И вдобавок – это болото вокруг, бескрайнее, туманно-зеленое, населенное странными существами.
Все вместе больше похоже на сон, чем на явь. У Ника даже мелькнула мысль: может, он просто отключился в одной из грязных комнатушек на пограничном подземном этаже Убивальни, и все, что произошло дальше, ему приснилось? Отключился и до сих пор не может очнуться…
Он украдкой ущипнул себя за руку. Больно.
– Вставай! – словно угадав, о чем он думает, приказал Дэлги. – Пока совсем не развезло… Если ты любишь заступаться за девушек, ты должен уметь драться. А то полезешь заступаться, тебя поколотят – и самому никакого удовольствия, и девушке одно расстройство.
– Келхар, вы опять?
– Не беспокойтесь, учитель, я знаю меру.
– Мне не нравится, что вы балуетесь клюнсом.

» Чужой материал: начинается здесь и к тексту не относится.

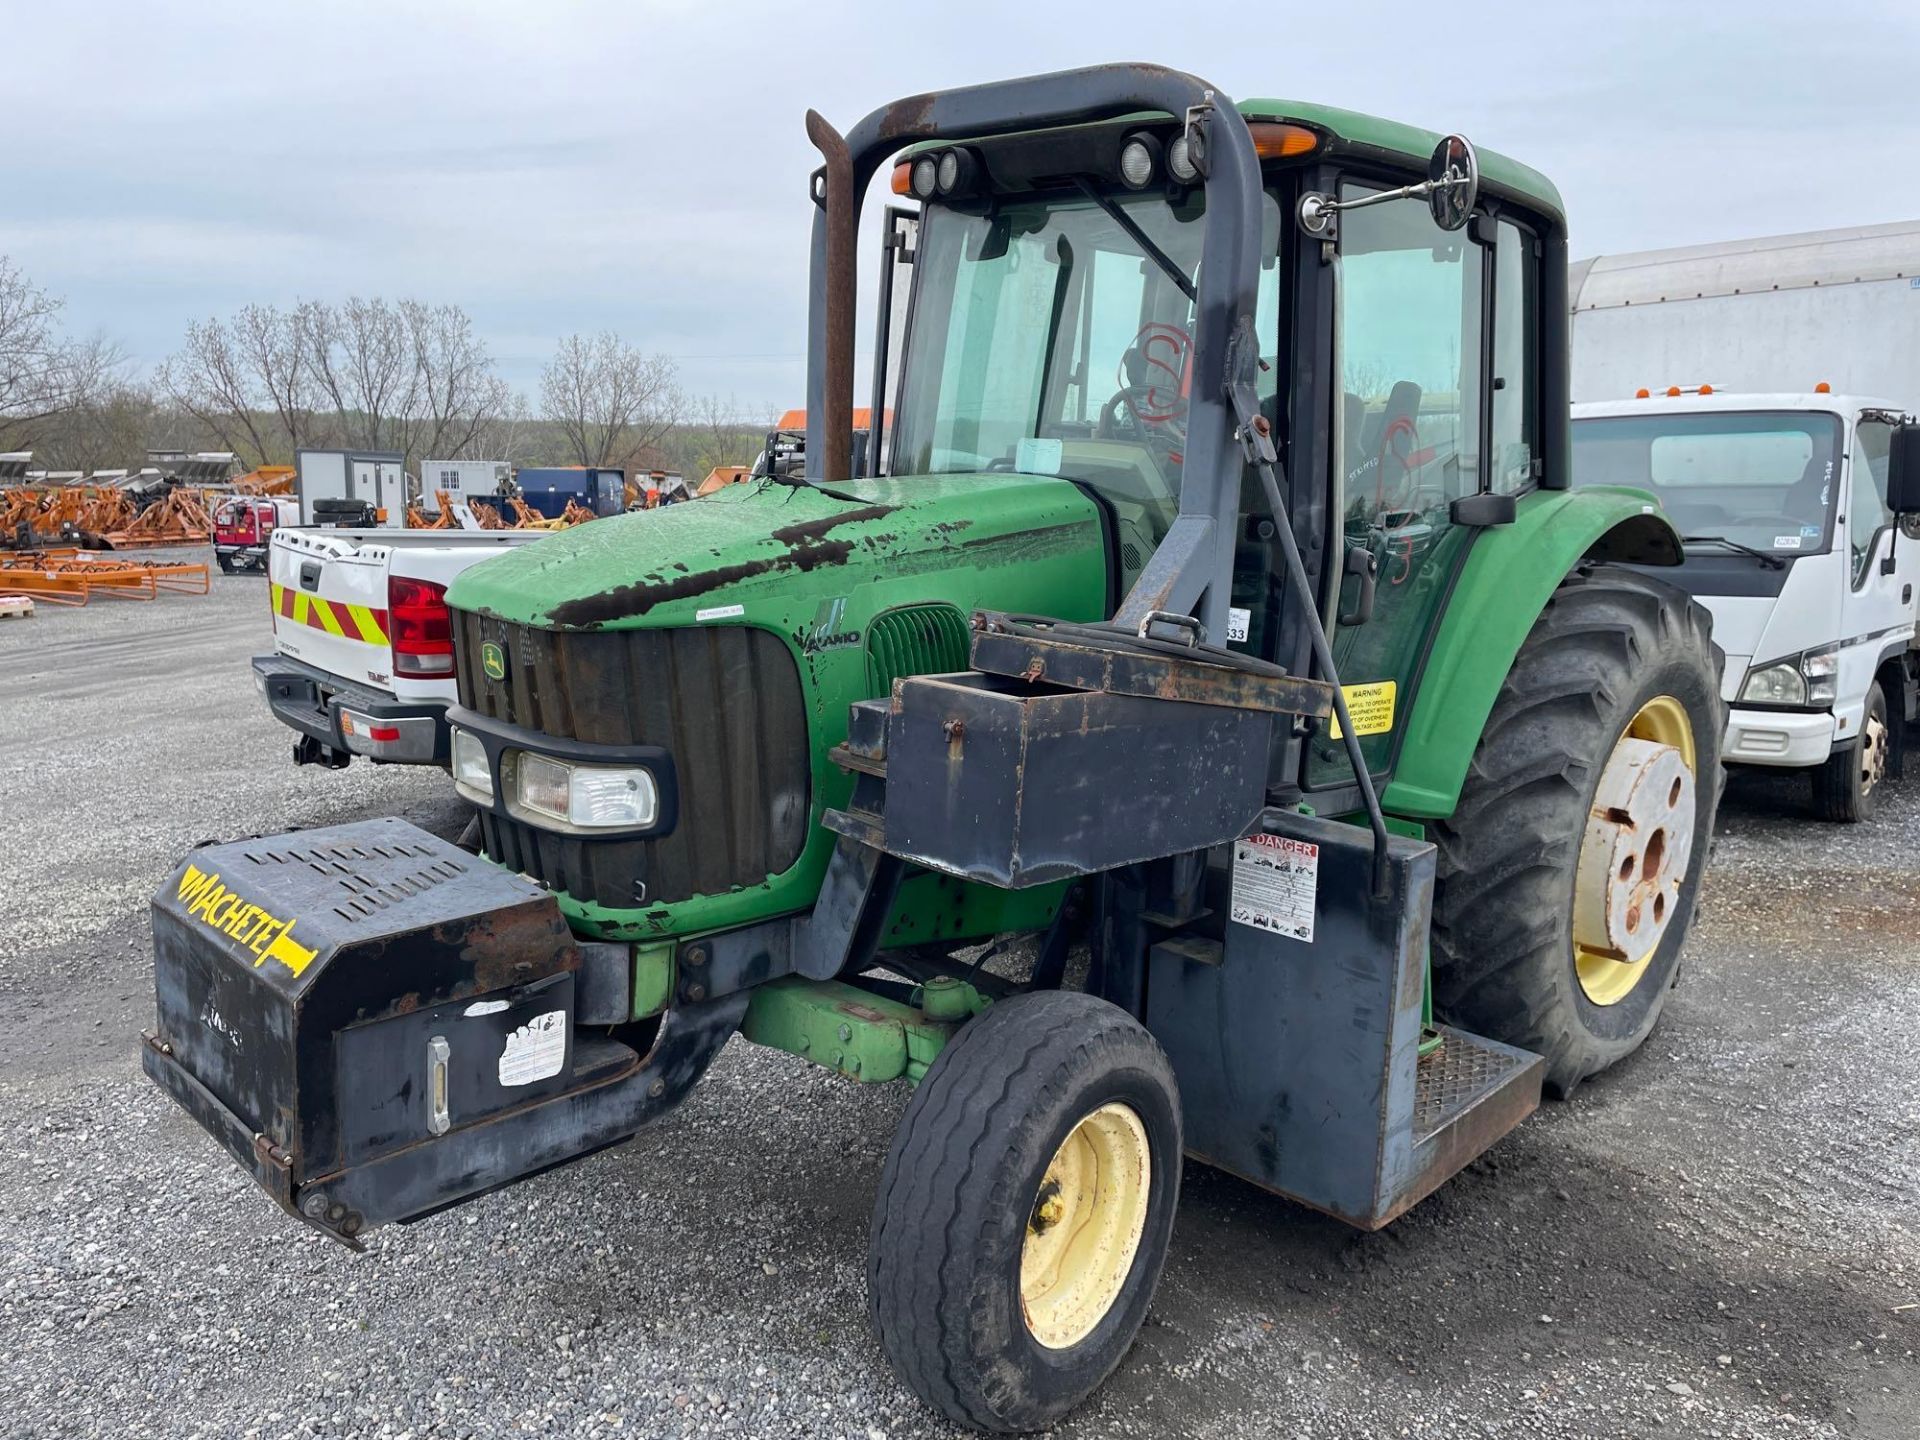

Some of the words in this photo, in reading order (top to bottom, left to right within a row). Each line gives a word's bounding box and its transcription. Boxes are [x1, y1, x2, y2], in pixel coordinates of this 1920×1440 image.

[1353, 688, 1382, 698] WARNING
[1350, 708, 1375, 716] EQUIPMENT
[1257, 834, 1312, 856] DANGER
[178, 865, 285, 955] MACHETE
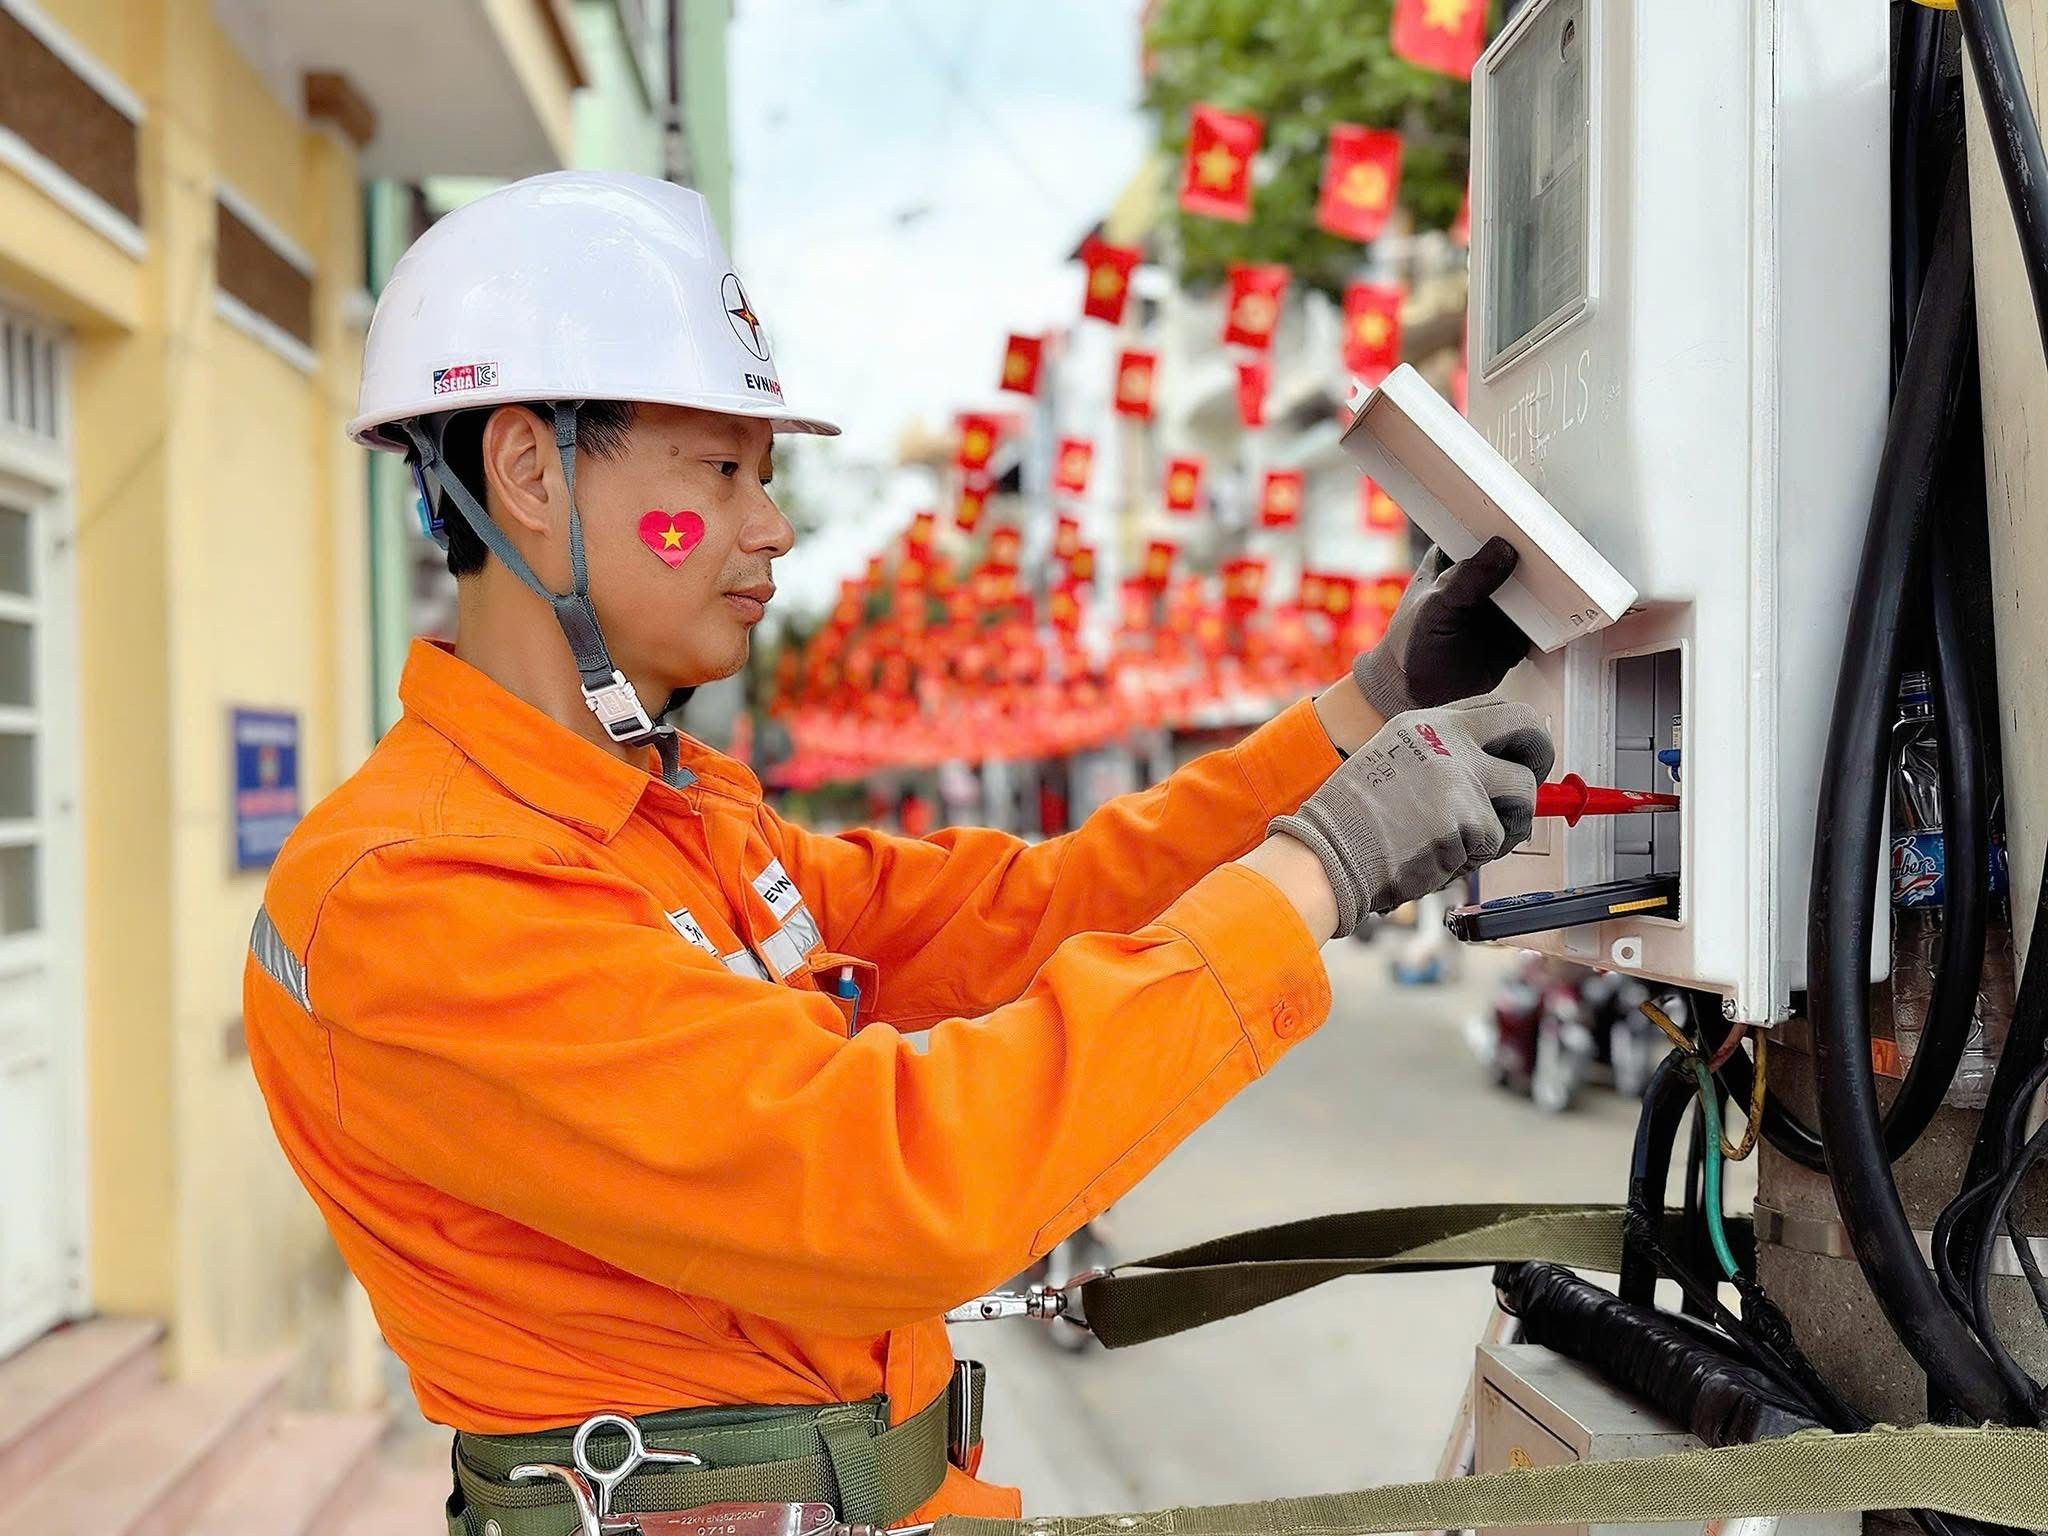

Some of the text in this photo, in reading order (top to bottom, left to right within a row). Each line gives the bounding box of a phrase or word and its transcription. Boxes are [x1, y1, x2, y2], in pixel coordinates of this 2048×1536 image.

– Учитель, вам, я думаю, известно, что клюнс не вызывает привыкания. Если употреблять его не чаще двух раз в месяц, вреда не будет. Я должен вспомнить, где я видел те цветные очки.
– Не нравится мне это, – повторил Донат.
В его тягучем голосе звучал сдержанный угрюмый упрек, а Севегуст отвечал отрывисто и суховато, но вежливо.
Ксават слушал ихний разговор, стоя возле щелястой стенки в темном гостиничном коридоре. Высокородный Келхар, стало быть, употребляет клюнс… Эта штука пробуждает запертые за семью печатями воспоминания – хоть из прошлых жизней, хоть из раннего детства, и воспоминания эти далеко не всегда приятные. В общем, ничего хорошего, срань собачья. Ксават отродясь не интересовался клюнсом.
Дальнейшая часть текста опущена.